The mobile web remains dead.

(Splash screen: download the app!)

And we have killed it.

(JavaScript prompt: “Yahoo! can serve you more accurate local weather and news if you enable location services”)

Yet its shadow still looms.

(Prompt: Yahoo! would like to use your Current Location)

How shall we comfort ourselves, the murderers of all murderers?

(“Do you want to change your search engine to Yahoo?”)

(“This forum has an app for iPhone and iPod Touch! Click OK to learn more about Tapatalk.”)

(adapted from Nietzsche’s “God is dead”)

“Download the app” is king; content is secondary

What you tried to read above was not entirely different from my once-a-year curiosity visit to Yahoo’s mobile homepage (ok, minus the jab at the much-hated Tapatalk). During the course of one visit and one search, those really are all the prompts which got in the way of what I was trying to accomplish on the site.

While I’d love to pick on Yahoo in particular, mobile users know this common experience all too well.

The sad truth is that the primary content of many mobile sites is now a big giant “Download the app here” button. How strange that we find ourseles in a world where the secondary content is that which the user is actually interested in.

Native vs. Web

Like most things, we humans like to create dichotomies, and we did the same with native and web, persistently thinking them to be mutually exclusive.

For a short time, it seemed, contrary to mobile platforms that came before, that the revolutionary smartphone of 2007 would have developers creating a flurry of web apps:

The full Safari engine is inside of iPhone. And so, you can write amazing Web 2.0 and Ajax apps that look exactly and behave exactly like apps on the iPhone. And these apps can integrate perfectly with iPhone services. They can make a call, they can send an email, they can look up a location on Google Maps. And guess what? There’s no SDK that you need! You’ve got everything you need if you know how to write apps using the most modern web standards to write amazing apps for the iPhone today. So developers, we think we’ve got a very sweet story for you. You can begin building your iPhone apps today. (Steve Jobs at WWDC 2007, emphasis mine)

Interestingly, even in that keynote you can see shades of web apps being pitted against native apps. And what would both developers and consumers rather have: an emulated native experience, or a true native experience? Most folks have always wanted the latter, and the latter has consistently delivered a better user experience.

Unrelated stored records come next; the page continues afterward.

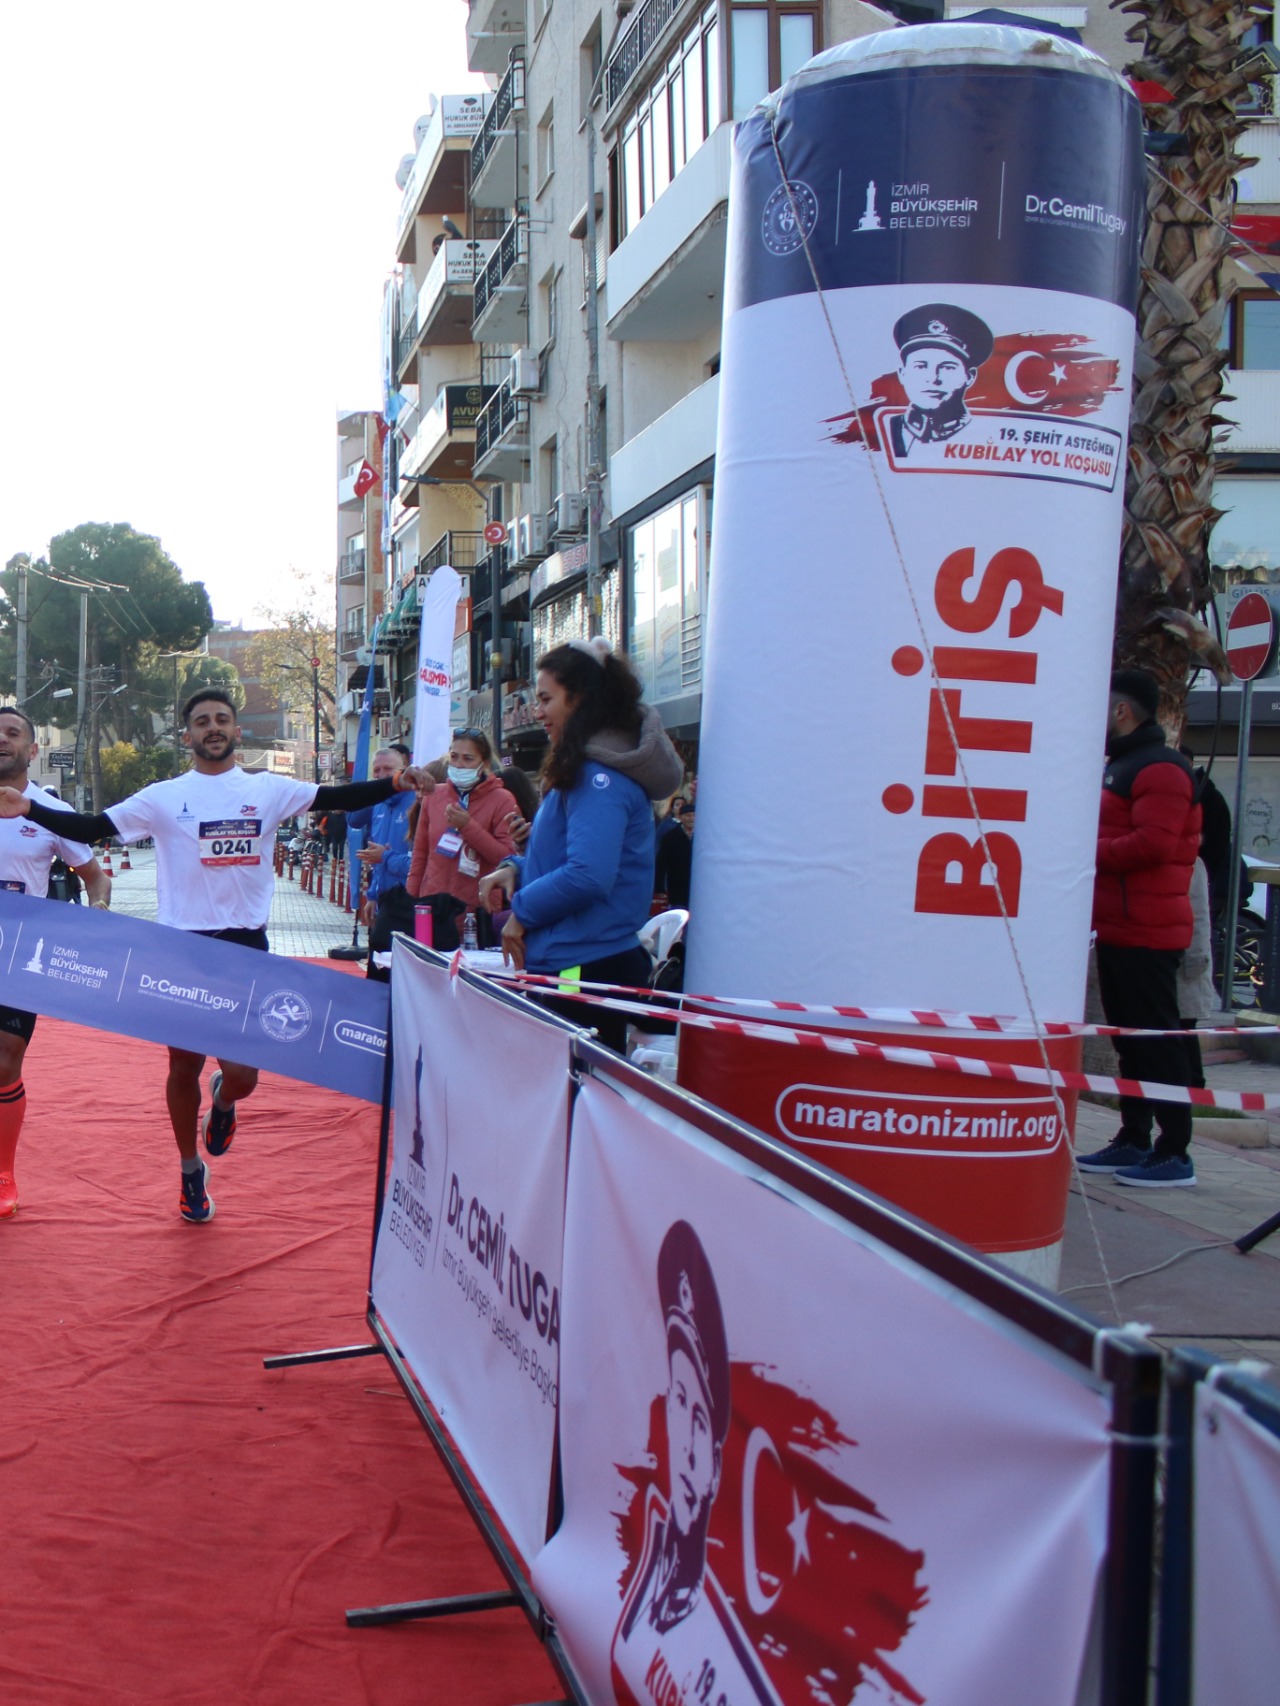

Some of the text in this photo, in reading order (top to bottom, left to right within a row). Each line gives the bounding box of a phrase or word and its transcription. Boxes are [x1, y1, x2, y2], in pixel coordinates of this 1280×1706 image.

[891, 183, 929, 196] İZMİR
[890, 197, 978, 213] BÜYÜKŞEHİR
[889, 215, 971, 229] BELEDİYESİ
[999, 428, 1114, 457] 19. ŞEHİT ASTEĞMEN
[944, 443, 1111, 476] KUBİLAY YOL KOŞUSU
[881, 546, 1064, 918] BİTİŞ
[211, 839, 252, 855] 0241
[52, 944, 79, 960] İZMİR
[47, 968, 102, 989] BELEDİYESİ
[49, 956, 108, 979] BÜYÜKŞEHİR
[794, 1100, 1057, 1142] maratonizmir.org
[406, 1159, 427, 1198] İZMİR
[392, 1176, 433, 1244] BÜYÜKŞEHİR
[389, 1208, 428, 1271] BELEDİYESİ
[447, 1171, 464, 1240] Dr.
[467, 1195, 506, 1297] CEMİL
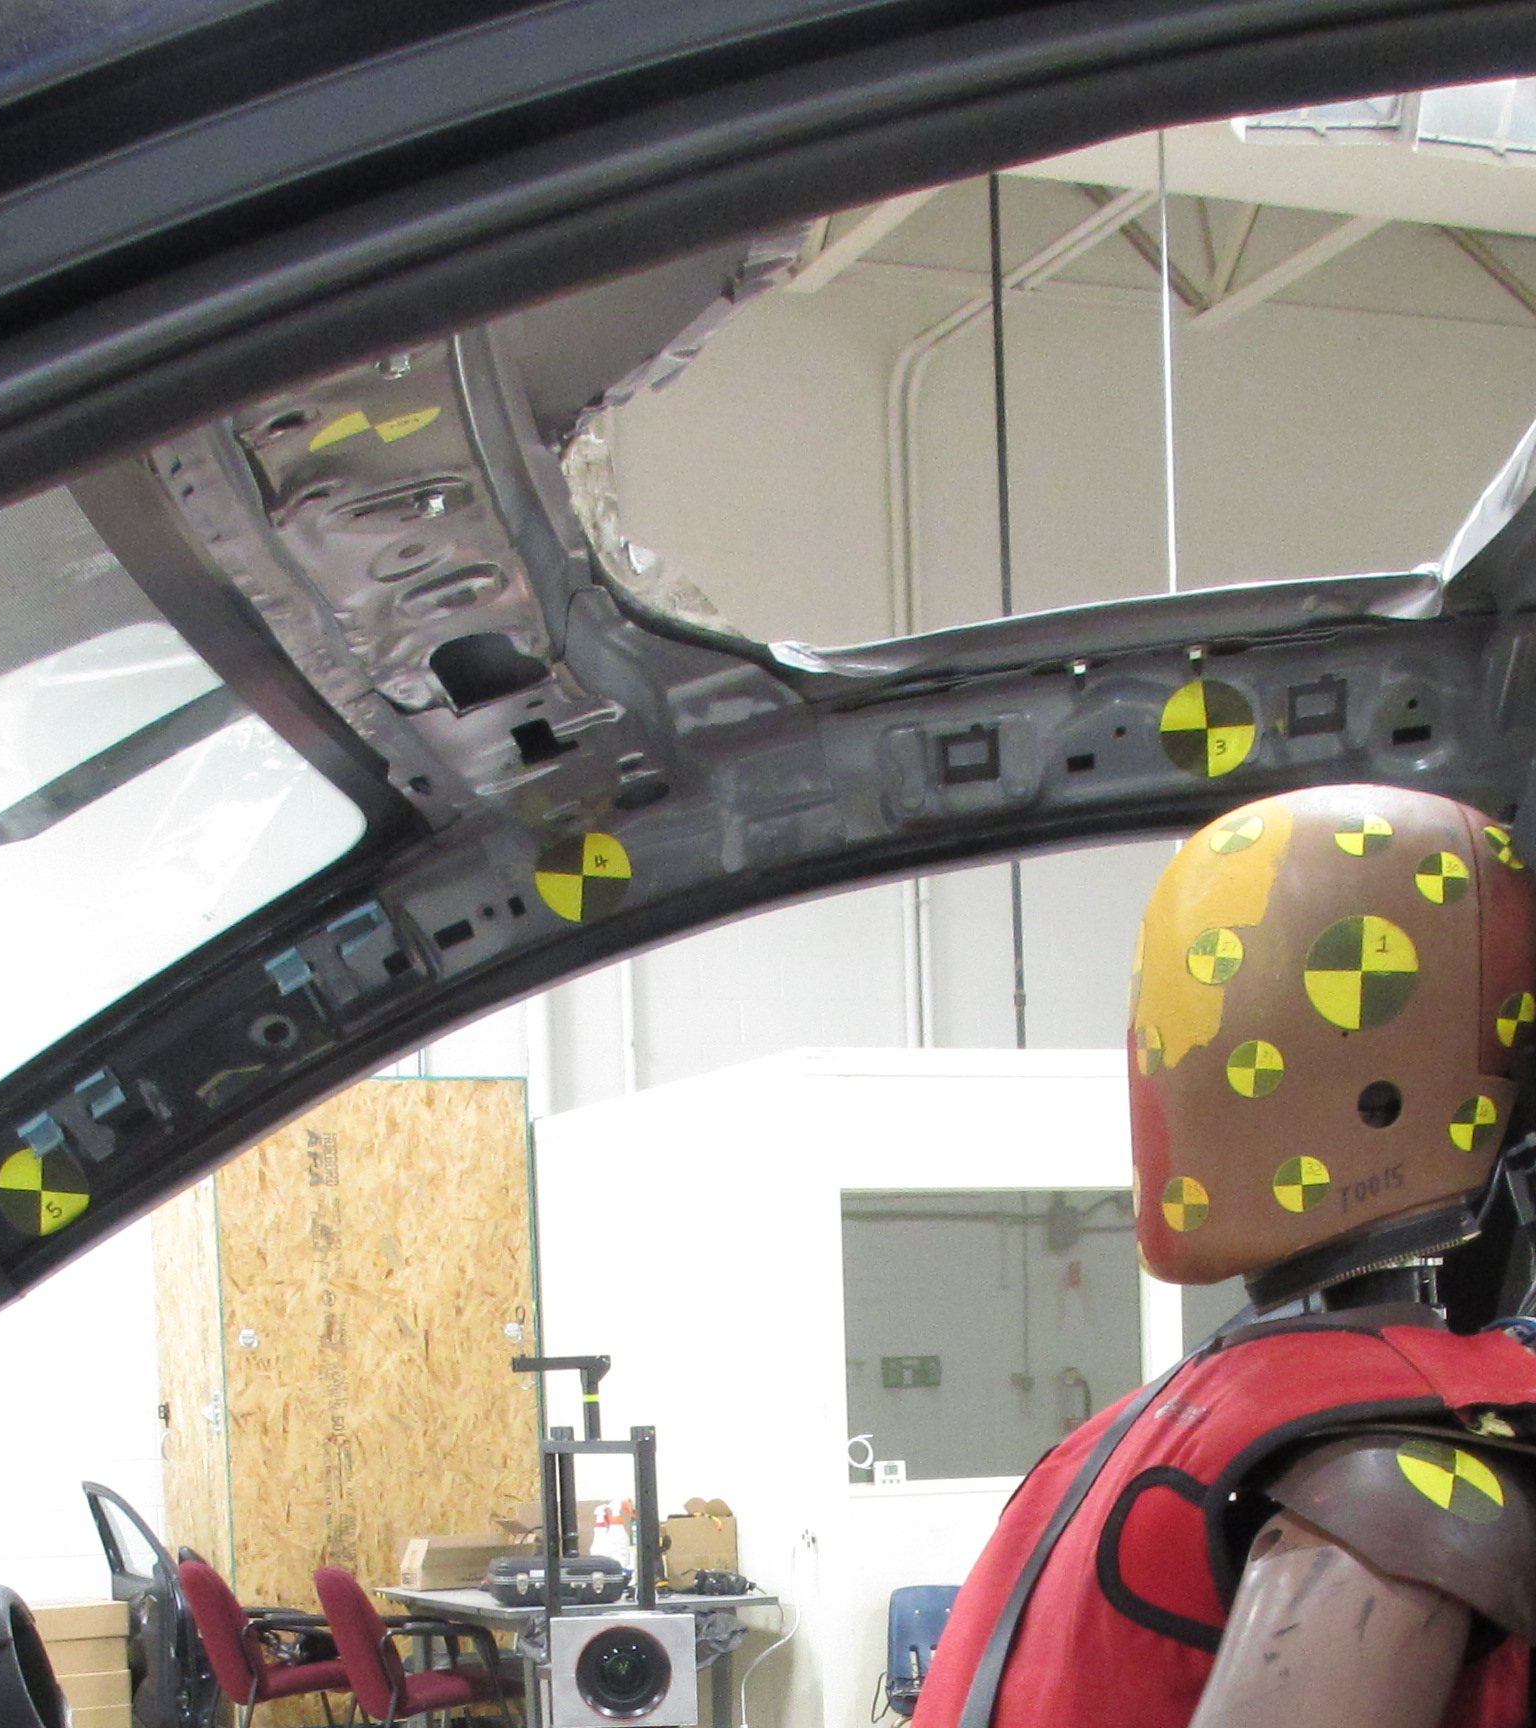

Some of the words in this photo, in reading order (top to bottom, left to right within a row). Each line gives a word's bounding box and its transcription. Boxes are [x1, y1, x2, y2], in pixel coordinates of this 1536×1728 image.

[1214, 739, 1227, 756] 3
[593, 853, 608, 869] 4
[1374, 934, 1390, 953] 1
[45, 1201, 63, 1219] 5

Very talented developers have created “native-like” experiences on the web, including the old iPhone user guide (powered by PastryKit), but all along it’s been native apps which have required less effort and less clever tricks for smooth user interfaces. However, this being said, it should also be noted that many native apps today actually have a web view component, and end users are often unaware of this fact.

In 2007, after the release of the first iPhone, the web app vision was soon abandoned after a somewhat lackluster and uncoordinated response from us developers. Apple also realized the monetary potential of native apps and a wildly successful centralized App Store, a path that’s led us to our current situation:

Apps Continue to Dominate the Mobile Web: 2013 saw 80% of time spent in apps and 20% of time on the mobile web, whereas 2014 is currently seeing 86% app usage and 14% mobile web usage.

Keep Calm and Carry On… ?

The web isn’t going away anytime soon, and that means the mobile web is also here to stay, even if less people are using it. But it unfortunately means less emphasis on mobile experiences, which means less demand for mobile web developers.

It means that the mobile web, and probably the larger web as a whole, will only be considered as an afterthought, if considered at all. We’ve already witnessed this happening with the mobile web being considered a sort of sub/side topic of responsive web design.